> [Task requirements]
Your answer must be an exact copy of the data, without any pictures.

•••••

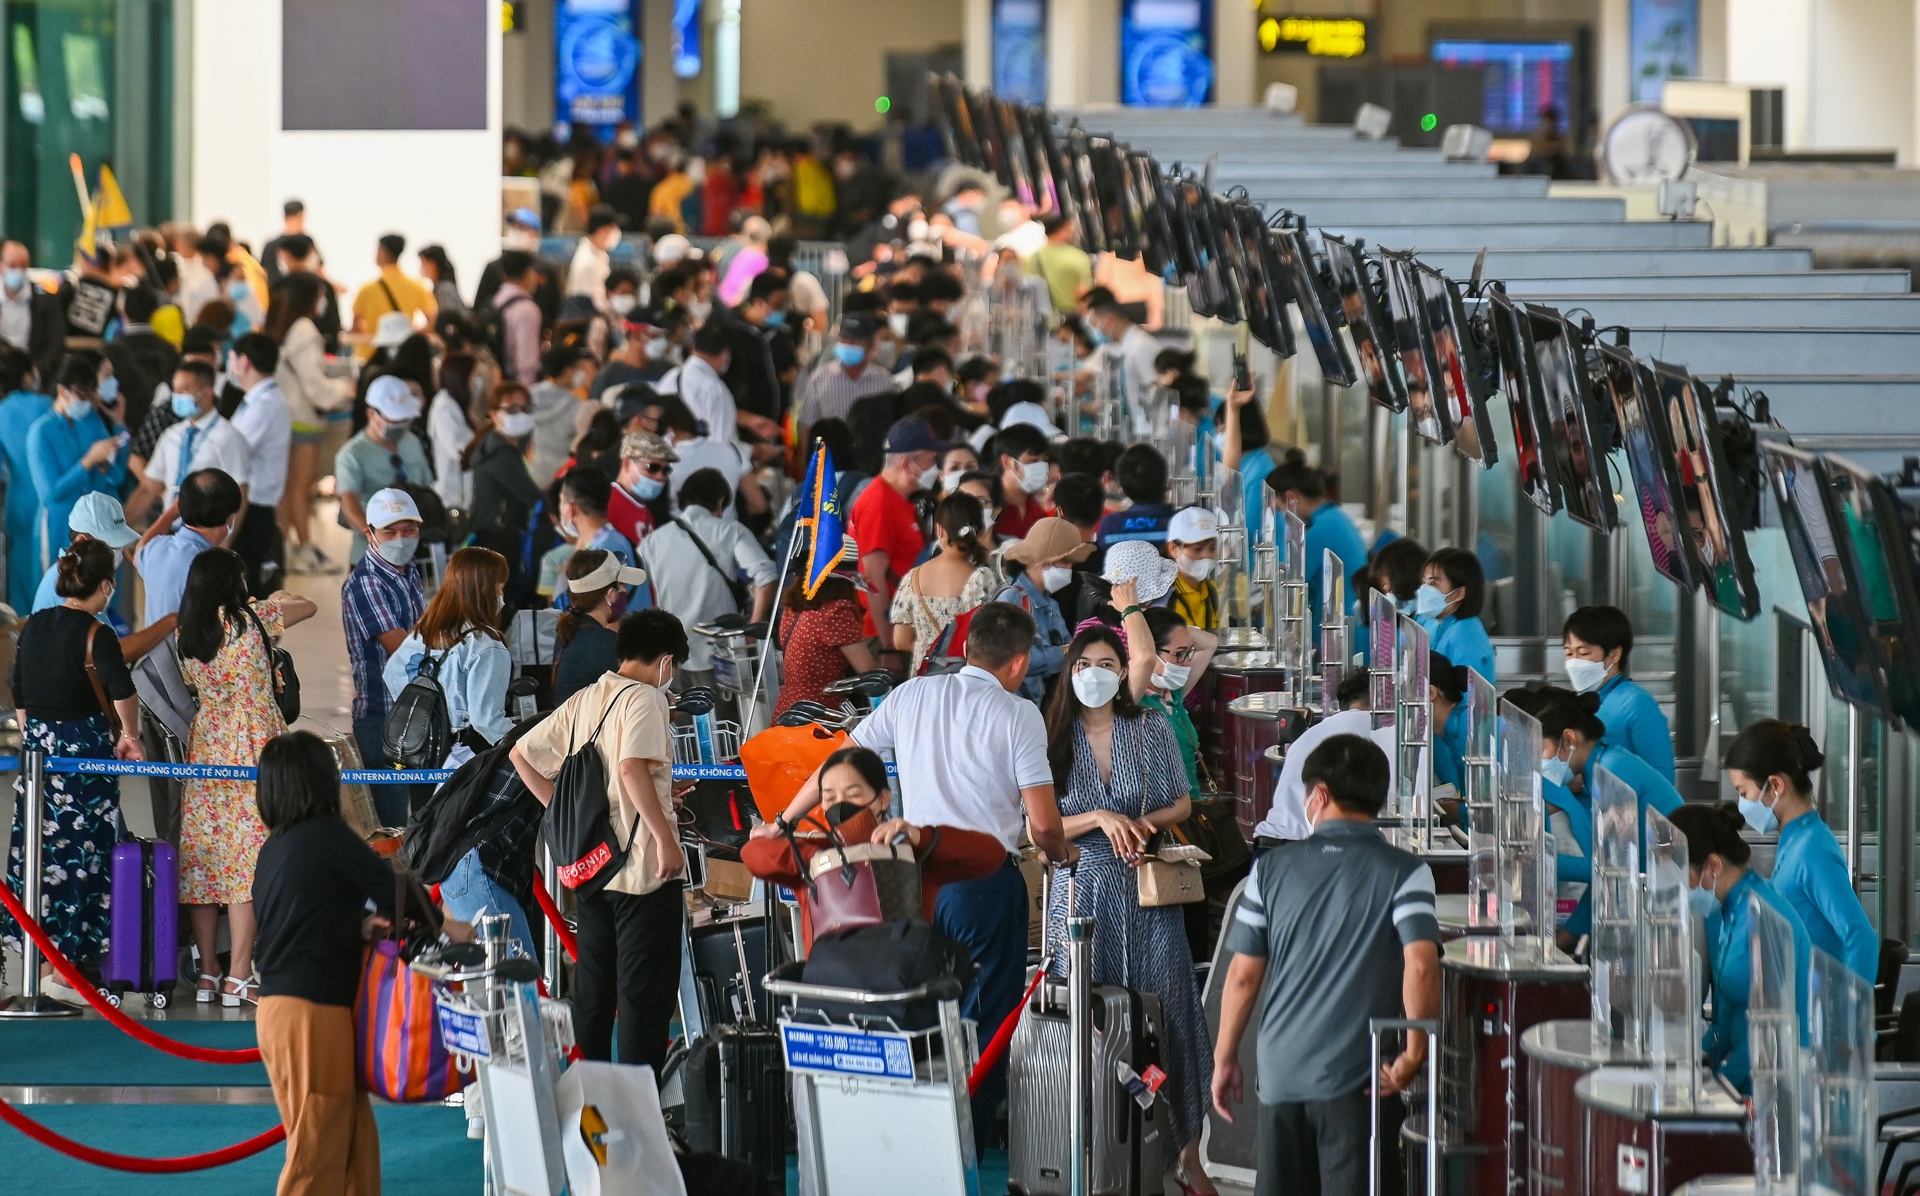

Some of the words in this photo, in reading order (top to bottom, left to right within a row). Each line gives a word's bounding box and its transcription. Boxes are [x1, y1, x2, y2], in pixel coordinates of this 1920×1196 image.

[1125, 517, 1157, 529] ACV
[78, 760, 105, 772] CẢNG
[107, 762, 135, 773] HÀNG
[137, 764, 170, 775] KHÔNG
[171, 765, 199, 776] QUỐC
[201, 766, 214, 777] TẾ
[214, 767, 231, 778] NỘI
[699, 767, 732, 777] KHÔNG
[734, 768, 747, 777] QU
[340, 772, 350, 781] AI
[352, 772, 425, 781] INTERNATIONAL
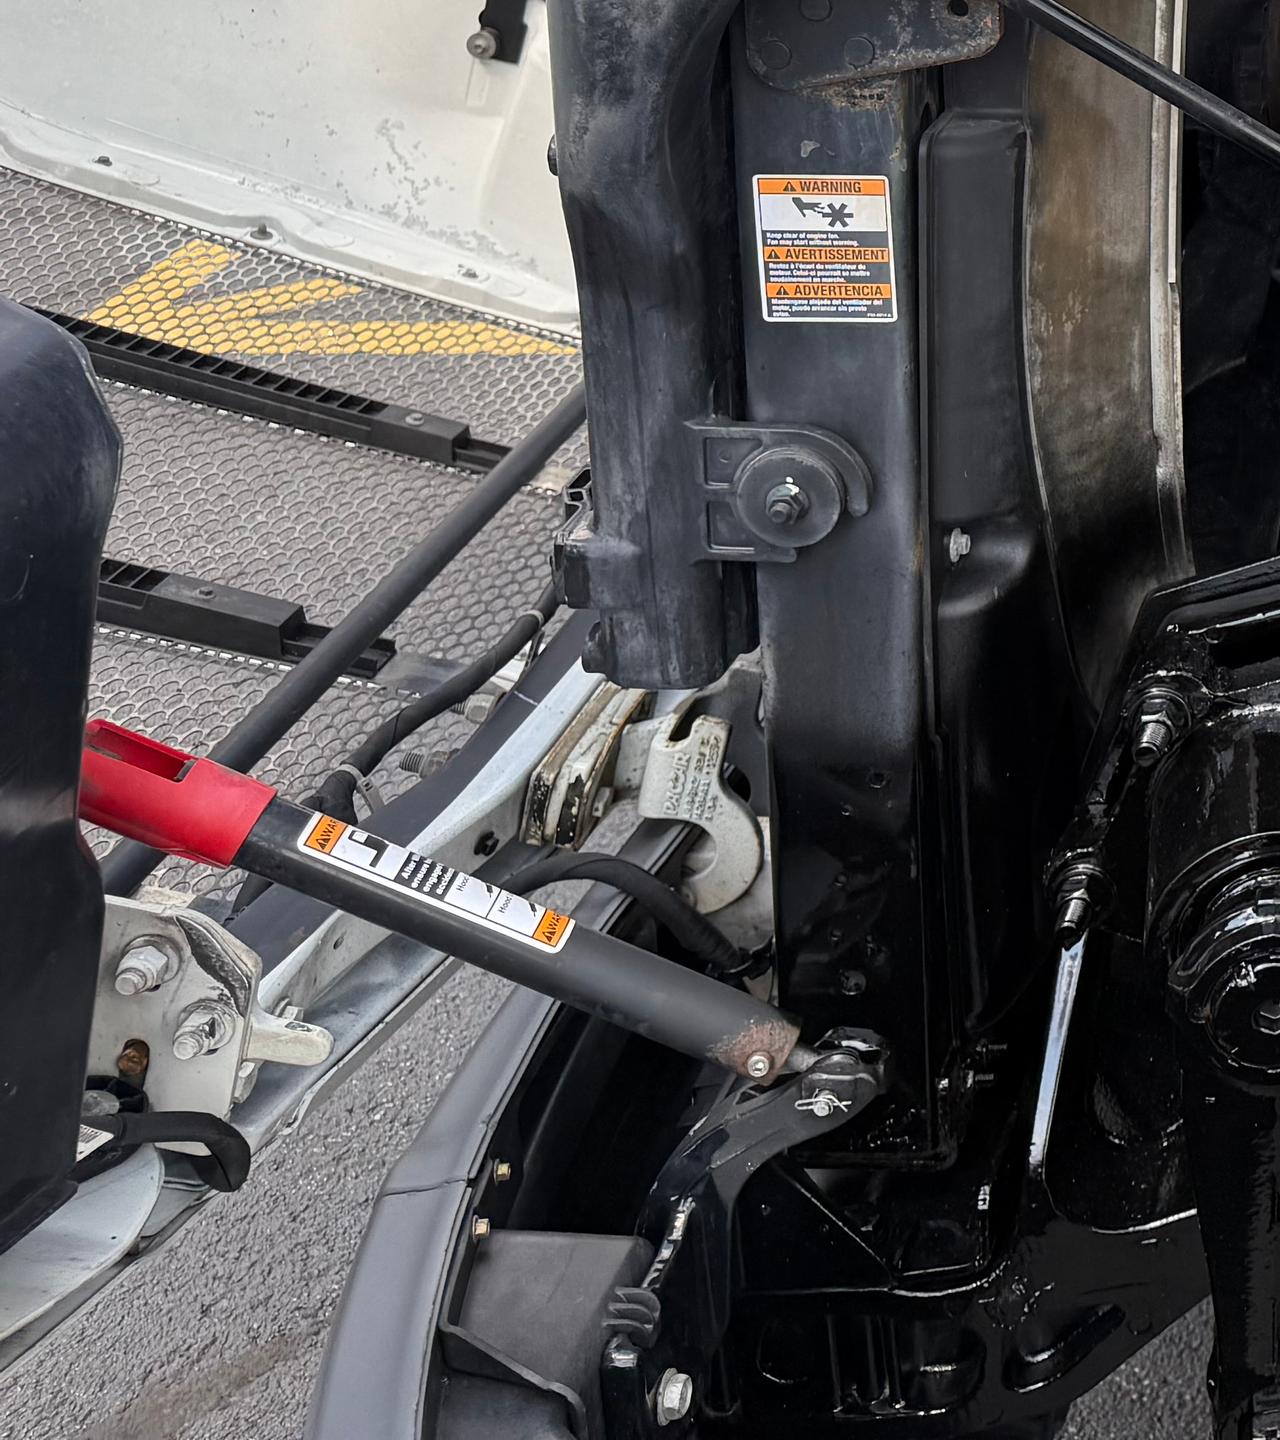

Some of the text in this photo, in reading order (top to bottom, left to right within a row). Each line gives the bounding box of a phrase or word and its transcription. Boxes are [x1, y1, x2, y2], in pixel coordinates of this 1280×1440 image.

•••••

> [Answer to this exercise]
Some of the words in this photo, in reading order (top to bottom, left to right within a row). Each line gives a word's bounding box and its transcription. Boxes are [x1, y1, x2, y2], in pixel coordinates of this 1920×1196 image.

[1125, 517, 1157, 529] ACV
[78, 760, 105, 772] CẢNG
[107, 762, 135, 773] HÀNG
[137, 764, 170, 775] KHÔNG
[171, 765, 199, 776] QUỐC
[201, 766, 214, 777] TẾ
[214, 767, 231, 778] NỘI
[699, 767, 732, 777] KHÔNG
[734, 768, 747, 777] QU
[340, 772, 350, 781] AI
[352, 772, 425, 781] INTERNATIONAL

Some of the text in this photo, in reading order (top to bottom, left to right within a row). Each line gives the bounding box of a phrase or word and its transcription. Boxes are [x1, y1, x2, y2], in pixel coordinates of this 1280×1440 image.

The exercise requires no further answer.